▶ [REQUIREMENT]
Reproduce all of the data below without alteration; exclude every picture.

▶ [DATA RECORDS]
<<<<

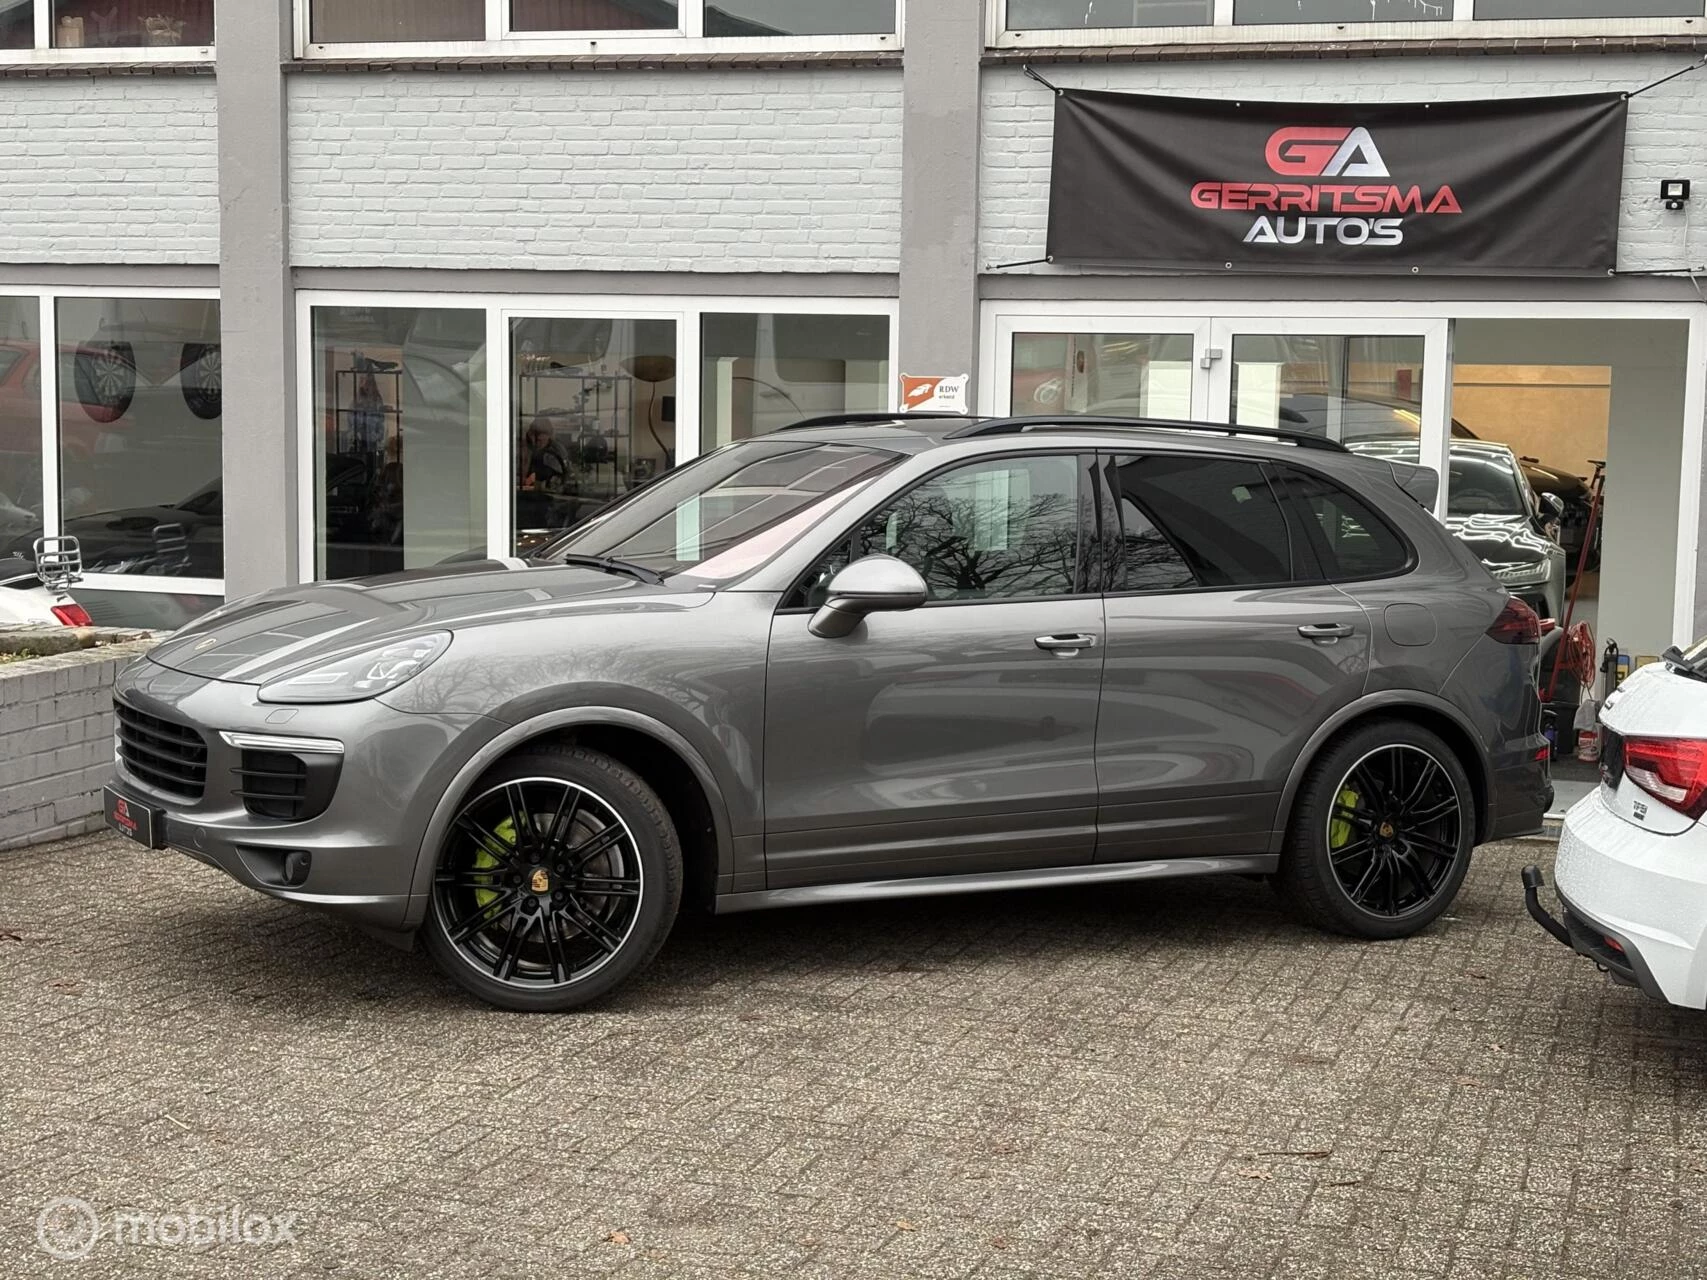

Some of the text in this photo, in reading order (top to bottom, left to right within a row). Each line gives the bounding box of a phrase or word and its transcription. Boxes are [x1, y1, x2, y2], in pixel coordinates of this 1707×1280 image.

[1264, 126, 1391, 177] GA
[1190, 181, 1463, 214] GERRITSMA
[1242, 215, 1404, 246] AUTO'S
[939, 385, 959, 393] RDW
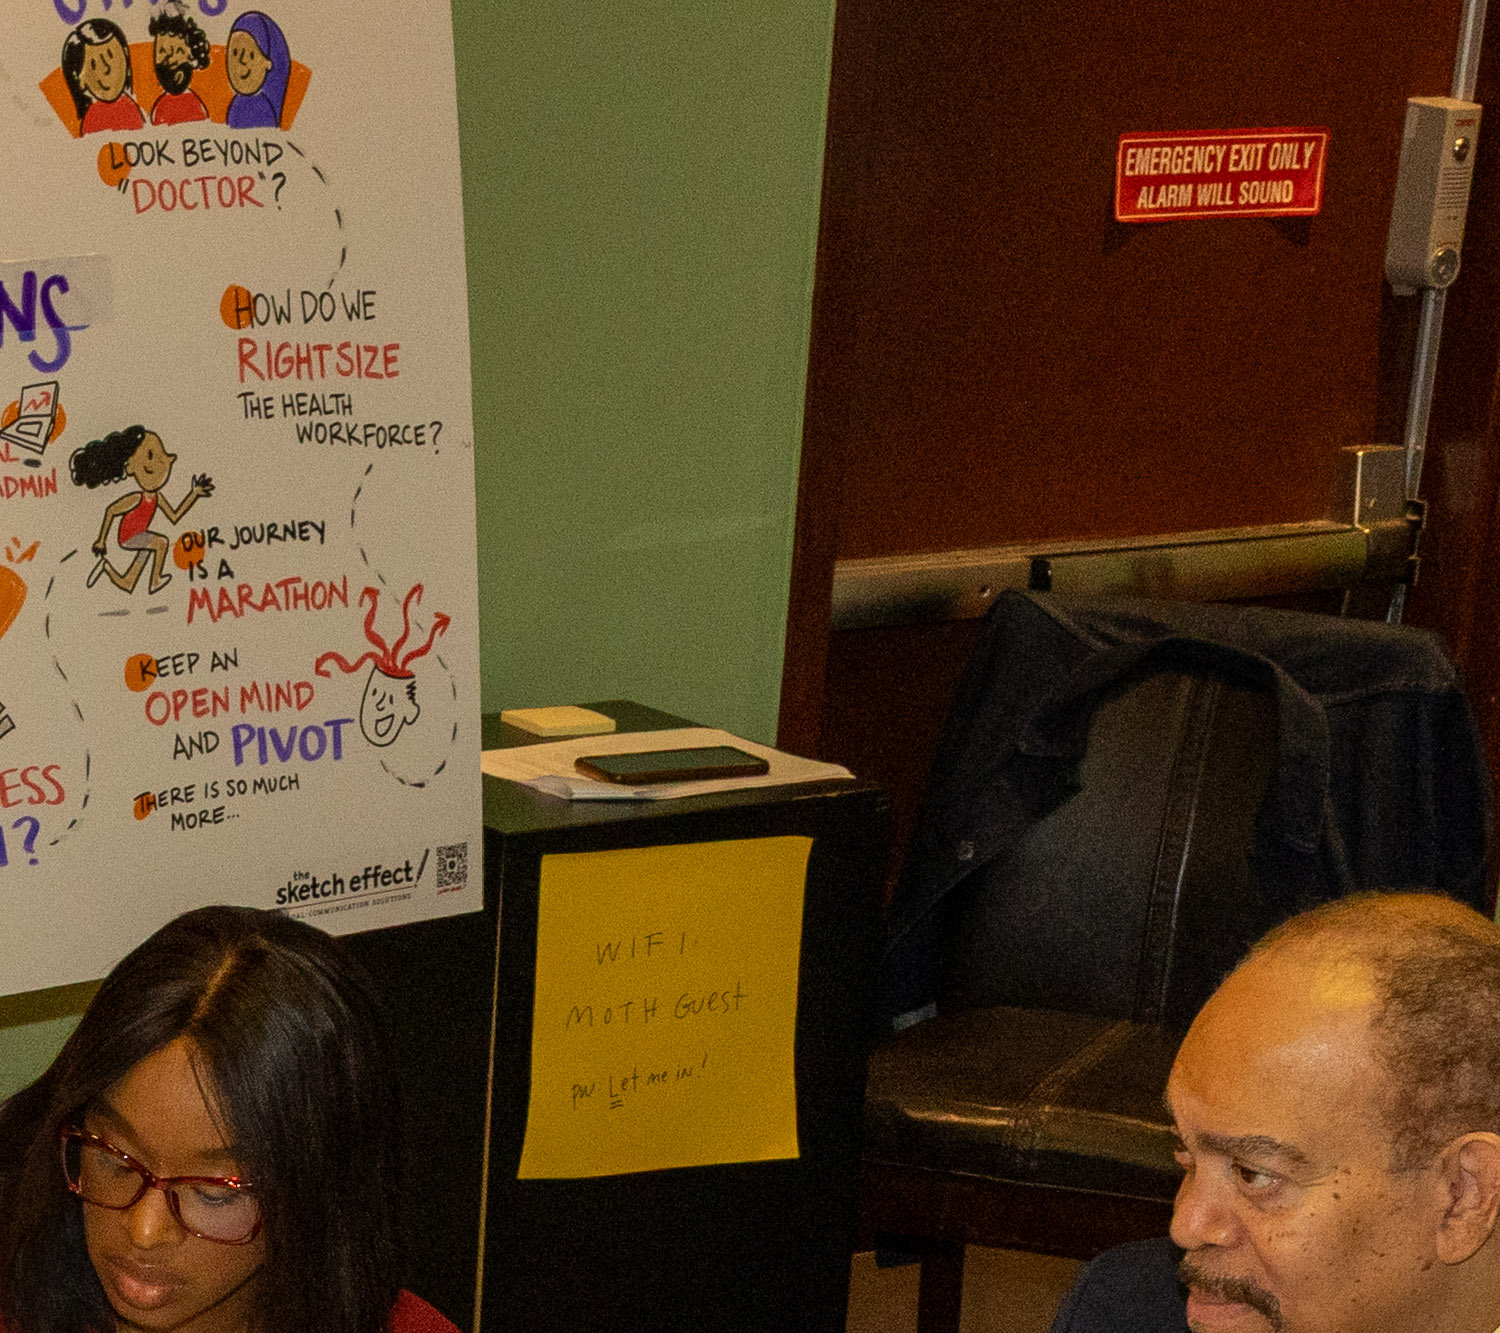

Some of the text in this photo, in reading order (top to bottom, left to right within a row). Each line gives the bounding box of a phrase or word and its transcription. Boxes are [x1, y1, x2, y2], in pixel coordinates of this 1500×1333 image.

[109, 137, 283, 169] LOOK BEYOND
[1125, 141, 1316, 176] EMERGENCY EXIT ONLY
[1137, 180, 1294, 209] ALARM WILL SOUND
[233, 288, 377, 326] HOW DO WE
[238, 392, 353, 419] THE HEALTH
[296, 420, 442, 453] WORKFORCE?
[181, 519, 325, 552] OUR JOURNEY
[188, 557, 234, 580] IS A
[186, 576, 350, 623] MARATHON
[139, 648, 239, 682] KEEP AN
[145, 680, 315, 726] OPEN MIND
[172, 718, 355, 766] AND PIVOT
[134, 773, 300, 813] THERE IS SO MUCH
[276, 874, 345, 905] sketch
[293, 870, 310, 882] the

>>>>

▶ [RESULT OF THIS EXERCISE]
Some of the text in this photo, in reading order (top to bottom, left to right within a row). Each line gives the bounding box of a phrase or word and its transcription. Boxes are [x1, y1, x2, y2], in pixel coordinates of this 1707×1280 image.

[1264, 126, 1391, 177] GA
[1190, 181, 1463, 214] GERRITSMA
[1242, 215, 1404, 246] AUTO'S
[939, 385, 959, 393] RDW

Some of the text in this photo, in reading order (top to bottom, left to right within a row). Each line gives the bounding box of a phrase or word and its transcription. Boxes are [x1, y1, x2, y2], in pixel coordinates of this 1500×1333 image.

[109, 137, 283, 169] LOOK BEYOND
[1125, 141, 1316, 176] EMERGENCY EXIT ONLY
[1137, 180, 1294, 209] ALARM WILL SOUND
[233, 288, 377, 326] HOW DO WE
[238, 392, 353, 419] THE HEALTH
[296, 420, 442, 453] WORKFORCE?
[181, 519, 325, 552] OUR JOURNEY
[188, 557, 234, 580] IS A
[186, 576, 350, 623] MARATHON
[139, 648, 239, 682] KEEP AN
[145, 680, 315, 726] OPEN MIND
[172, 718, 355, 766] AND PIVOT
[134, 773, 300, 813] THERE IS SO MUCH
[276, 874, 345, 905] sketch
[293, 870, 310, 882] the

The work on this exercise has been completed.